In 1913, J.D. Woodard, owner of the Humphrey House Hotel of Jamestown, announced that he had practically completed a lease of the hotel to Herbert S. Bennett of Falconer. Bennett would take possession on Monday and would assume entire management and control of the hotel. Bennett was well known in Jamestown. He was in the hotel business at Lily Dale for a number of years and later came to Falconer, where, under his management, The Inn, then well known in that village, since destroyed by fire, had a period of great popularity and prosperity.

The prevalence of diphtheria in Jamestown and the extreme danger of a serious epidemic of the disease, had attracted the attention of the state health authorities and it was not at all unlikely that they would establish a laboratory here for the convenience of both the public and the state health department. Health Superintendent Dr. John Mahoney was in communication with the state department over the long distance telephone and was asked if the establishment of a laboratory here would be of assistance. He replied that it would.

In 1938, Fire Chief David Sanderson announced that plans for the annual Christmas treat and tree for the children of Falconer were well underway and that various committees had announced that everything would be in readiness a week before the party. Present plans were for the erection and trimming of a huge Christmas tree Sunday, Dec. 18. Dave Larson, head of the candy committee announced that the candy would be procured before that same date and the entire department would assist in packing the sweets at the next regular meeting. The tree would be placed on the lawn of the Community Building where the exercises would be held.

A proposal that the city of Jamestown attempt to collect taxes on properties which were long delinquent by instituting civil lawsuits was tabled by city council after an executive session discussion which lasted for nearly four hours. Council considered many other matters while closeted in conference but the proposed new tax collection method was about the most important item on its agenda. The resolution proposed that the legal department be permitted to start such suits against properties upon which taxes were more than one year in arrears.

In 1963, the 135-year-old Sinclairville First Baptist Church was destroyed by fire the previous night following two roaring explosions from an accumulation of coal gas from a coal burning basement furnace.The loss was estimated at upward of $70,000, partially insured. More than 50 volunteer Sinclairville and Gerry firemen battled the fire for more than four hours in 20-degree temperatures. No one was injured. The large white frame church on Park Street was one of the oldest edifices in Chautauqua County.

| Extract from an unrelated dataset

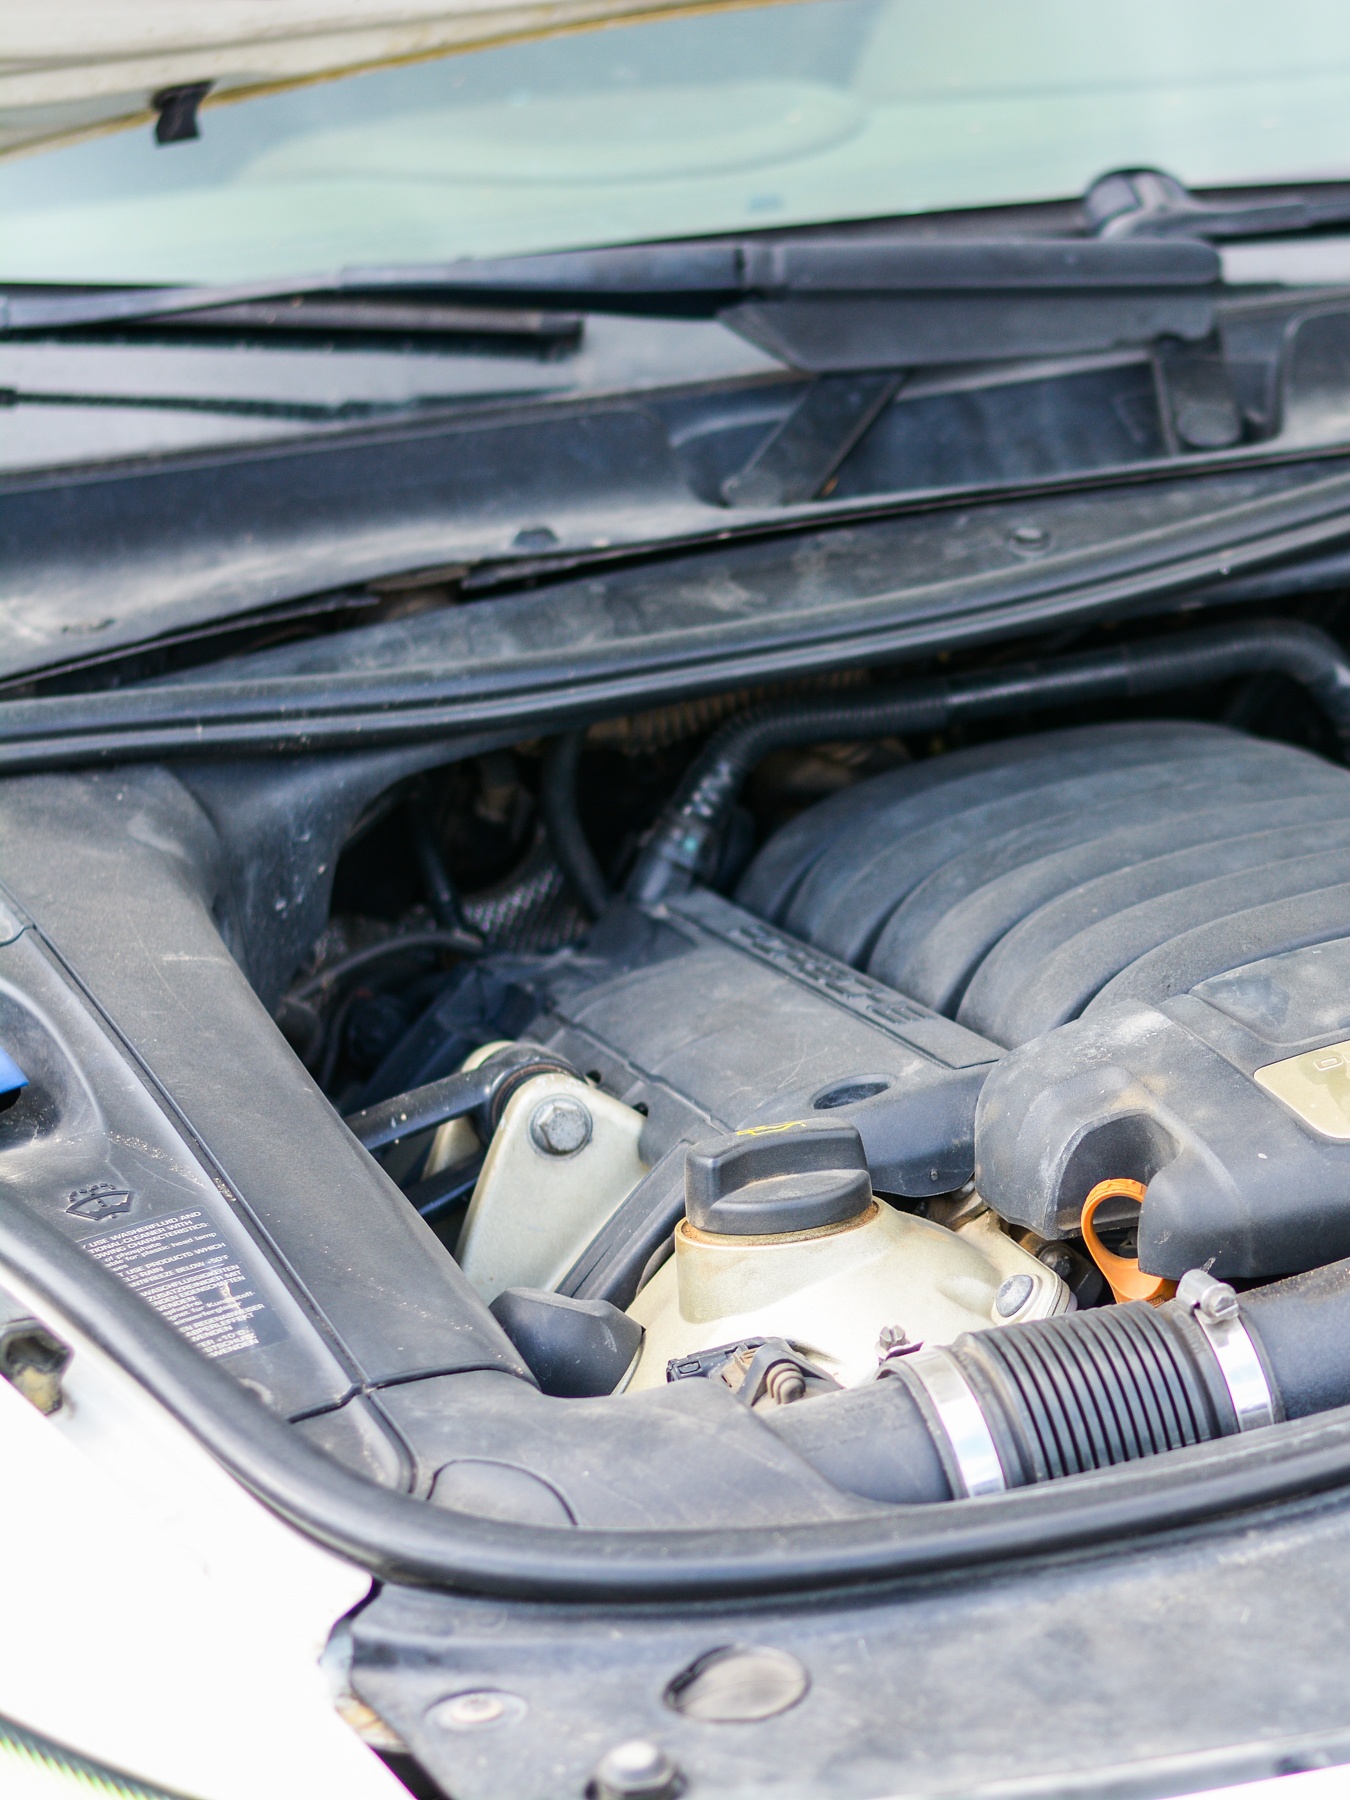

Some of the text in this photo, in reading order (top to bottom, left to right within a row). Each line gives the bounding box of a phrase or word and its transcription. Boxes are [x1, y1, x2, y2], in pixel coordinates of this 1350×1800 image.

At approximately 2:20 p.m. the previous day, a line of automobiles rolled across Jamestown’s new Washington Street bridge to culminate an idea born some 30 years before. At 2:07 p.m., Mayor William D. Whitehead spoke the words: “I do now formally open this bridge to traffic.” With this, the city had a modern north-south arterial designed to relieve downtown traffic congestion. A woman driver was the first to actually cross the bridge after it was officially proclaimed open to traffic. She was Mrs. Joseph Sinatra of Newland Ave., who had read that the bridge would open at 2 p.m. The southern terminus of the bridge was closed to traffic but officials overlooked the Forest Avenue entrance and several cars, led by Sinatra, crossed the span, south to north, minutes before the official motorcade got underway.

In 1988, if there was one nightmare shared by everybody who shopped the downtown Jamestown business district that nightmare was – parking. While they were still safe for public use, two of Jamestown’s existing parking ramps, those on Cherry and Main streets, would require reconstruction within a few years. Three new ramps – to be located on Prendergast, Washington and Second streets – were proposed as part of the Reg Lenna Civic Center Development Plan.

The nursing shortage at hospitals in rural areas had reached crisis proportions in some areas of the state, according to Joseph Gerace, director of the state Office of Rural Affairs. He said rural hospitals had a difficult time competing with larger urban facilities for a very limited number of nurses. “There is a greater demand of nurses than there is supply. It is edging crisis proportions in some parts of the state,” Gerace told The Post-Journal from his Albany office.